I am the author of a open source library for websites that is licensed under LGPL. To make this library easy to use for non-developers I plan to create a simple to use UI-component based on the library which is free, but not open source. To make the difference between the two parts clear:
- My library can read and render particular file formats in the browser.
- My component is a visual control that can be used by end-users easily. It consists of a special layout, a menu, settings that can be adjusted, a toolbar and the most important thing for me a logo with the product name. Clicking on the logo will show a small about box containing further attribution as required by licenses (name of the component, link to the component website, LGPL info, CC logo etc).

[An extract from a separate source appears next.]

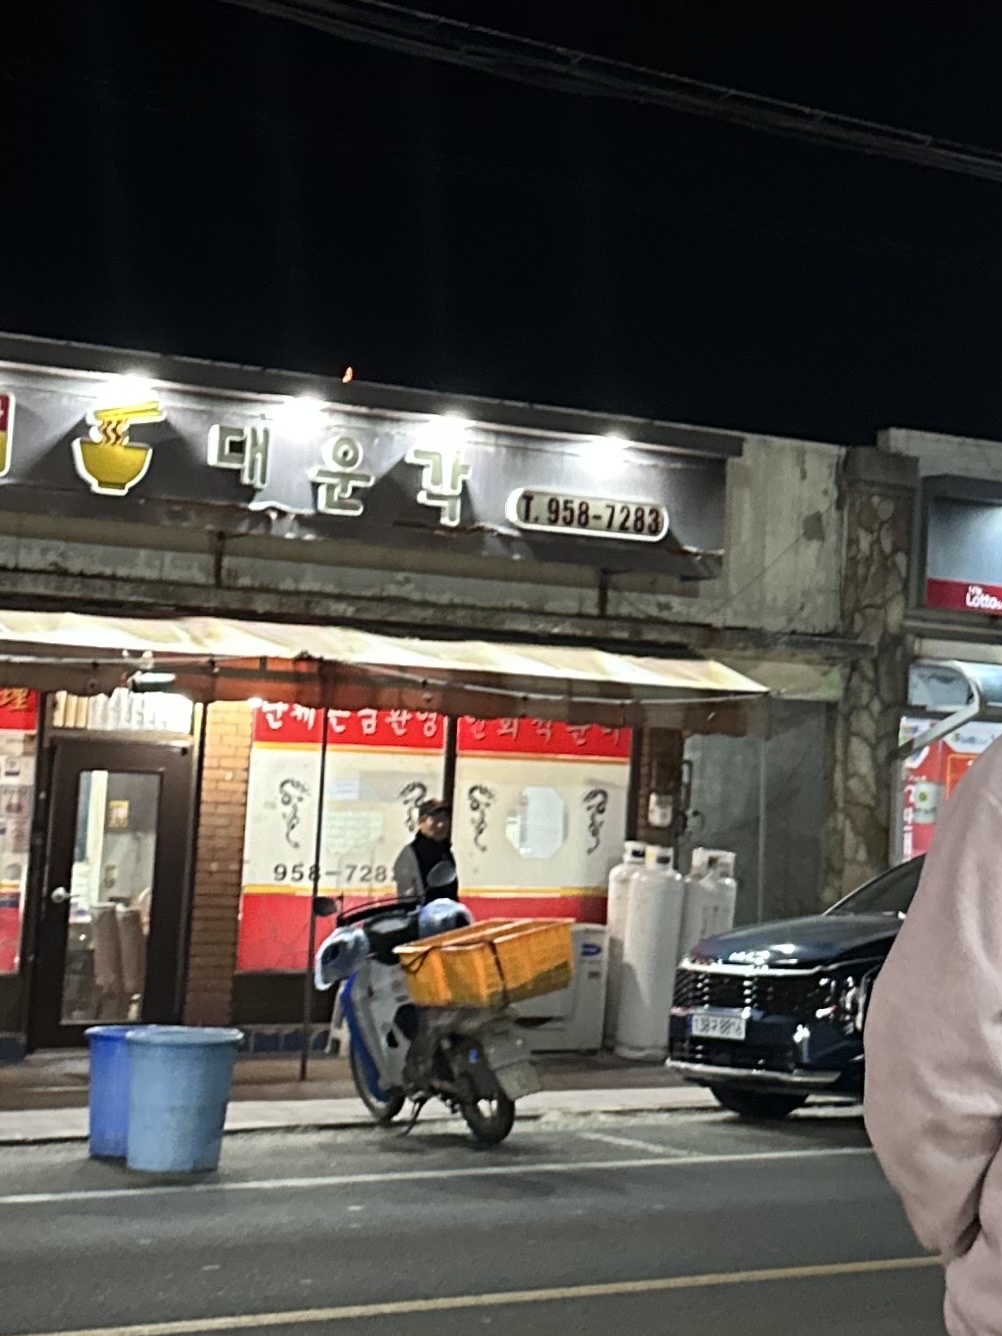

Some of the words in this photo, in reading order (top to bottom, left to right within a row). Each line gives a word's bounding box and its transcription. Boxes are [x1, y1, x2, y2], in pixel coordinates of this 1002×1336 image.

My case is comparable with a PDF library. The library for rendering PDFs is open source, but the full-blown PDF viewer component is only freeware under CC.
Since open source licenses tend to allow rebranding and removal of logos I plan to release this component as "freeware" under a CreativeCommons license. People should be allowed to use and redistribute the component but do not change it by modifying the source code or removing the logo and about box.
I planed to use Attribution-ShareAlike 4.0 International for my component but the ShareAlike part does not directly prohibit the removal of my logo as long as the attribution is done appropriately. Am I safe with this license or do I need to go for a Attribution-NoDerivatives 4.0 International? Without derivatives there would not be the possibility to create a version which does not contain the logo.